__What the task asks__.
Although the records contain pictures, only their text should be set down, exactly as written.

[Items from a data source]
++++++++++++++++++++

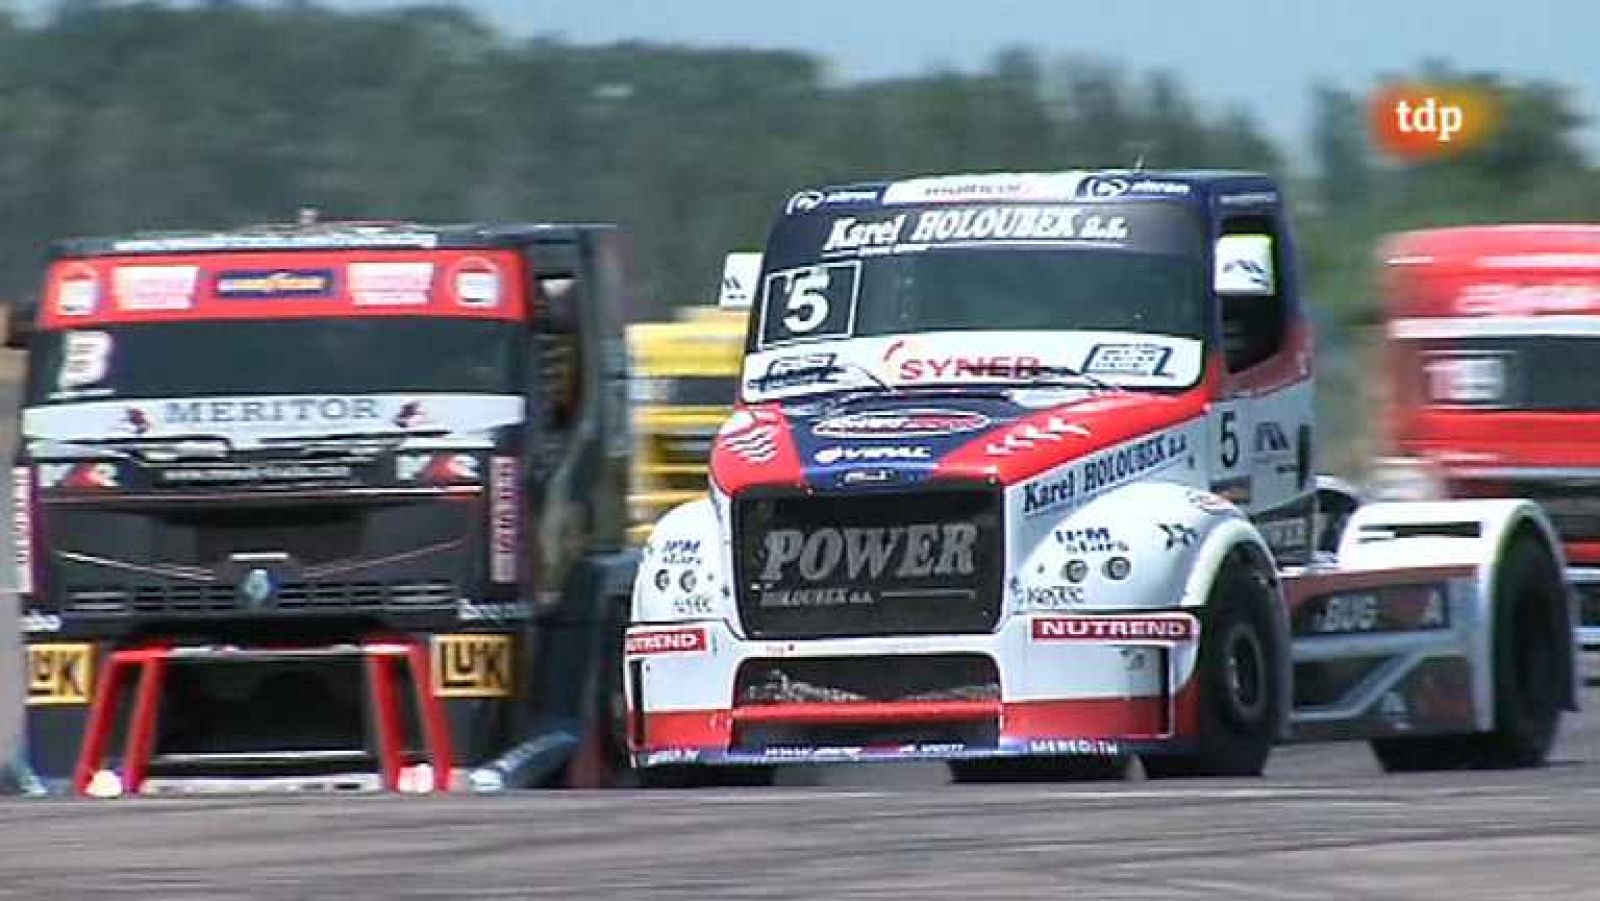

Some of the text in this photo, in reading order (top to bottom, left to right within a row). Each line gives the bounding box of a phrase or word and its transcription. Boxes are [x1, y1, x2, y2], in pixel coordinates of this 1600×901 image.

[823, 213, 907, 250] Karel
[910, 207, 1076, 240] HOLOUBEK
[783, 268, 831, 333] 5
[163, 399, 378, 424] MERITOR
[1220, 411, 1240, 468] 5
[1024, 469, 1076, 512] Karel
[1083, 434, 1166, 492] HOLOUBEK
[760, 523, 978, 581] POWER
[1040, 620, 1187, 636] NUTREND
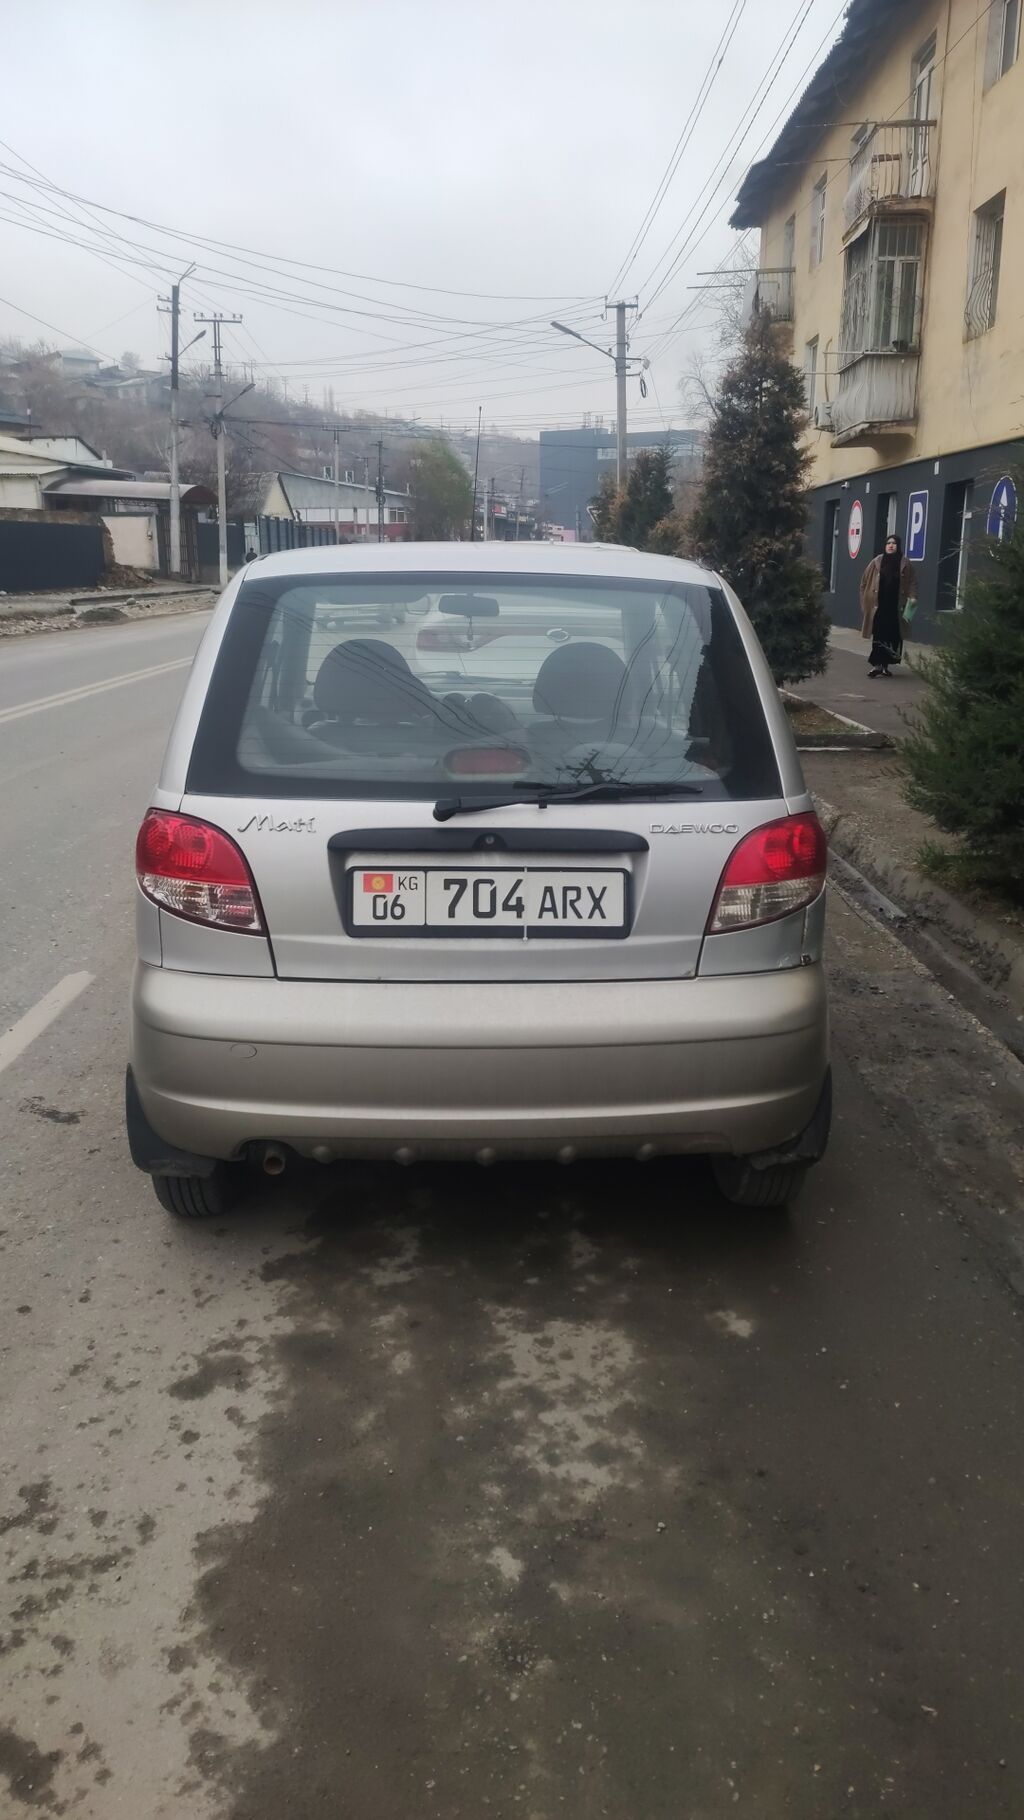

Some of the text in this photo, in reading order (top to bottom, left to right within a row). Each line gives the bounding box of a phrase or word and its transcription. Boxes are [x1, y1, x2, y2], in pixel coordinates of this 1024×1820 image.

[910, 502, 923, 551] P
[649, 823, 739, 834] DAEWOO
[398, 876, 418, 891] KG
[372, 895, 406, 920] 06
[443, 878, 608, 920] 704 ARX

++++++++++++++++++++

__Reply to the exercise__.
Some of the text in this photo, in reading order (top to bottom, left to right within a row). Each line gives the bounding box of a phrase or word and its transcription. Boxes are [x1, y1, x2, y2], in pixel coordinates of this 1600×901 image.

[823, 213, 907, 250] Karel
[910, 207, 1076, 240] HOLOUBEK
[783, 268, 831, 333] 5
[163, 399, 378, 424] MERITOR
[1220, 411, 1240, 468] 5
[1024, 469, 1076, 512] Karel
[1083, 434, 1166, 492] HOLOUBEK
[760, 523, 978, 581] POWER
[1040, 620, 1187, 636] NUTREND

Some of the text in this photo, in reading order (top to bottom, left to right within a row). Each line gives the bounding box of a phrase or word and its transcription. Boxes are [x1, y1, x2, y2], in pixel coordinates of this 1024×1820 image.

[910, 502, 923, 551] P
[649, 823, 739, 834] DAEWOO
[398, 876, 418, 891] KG
[372, 895, 406, 920] 06
[443, 878, 608, 920] 704 ARX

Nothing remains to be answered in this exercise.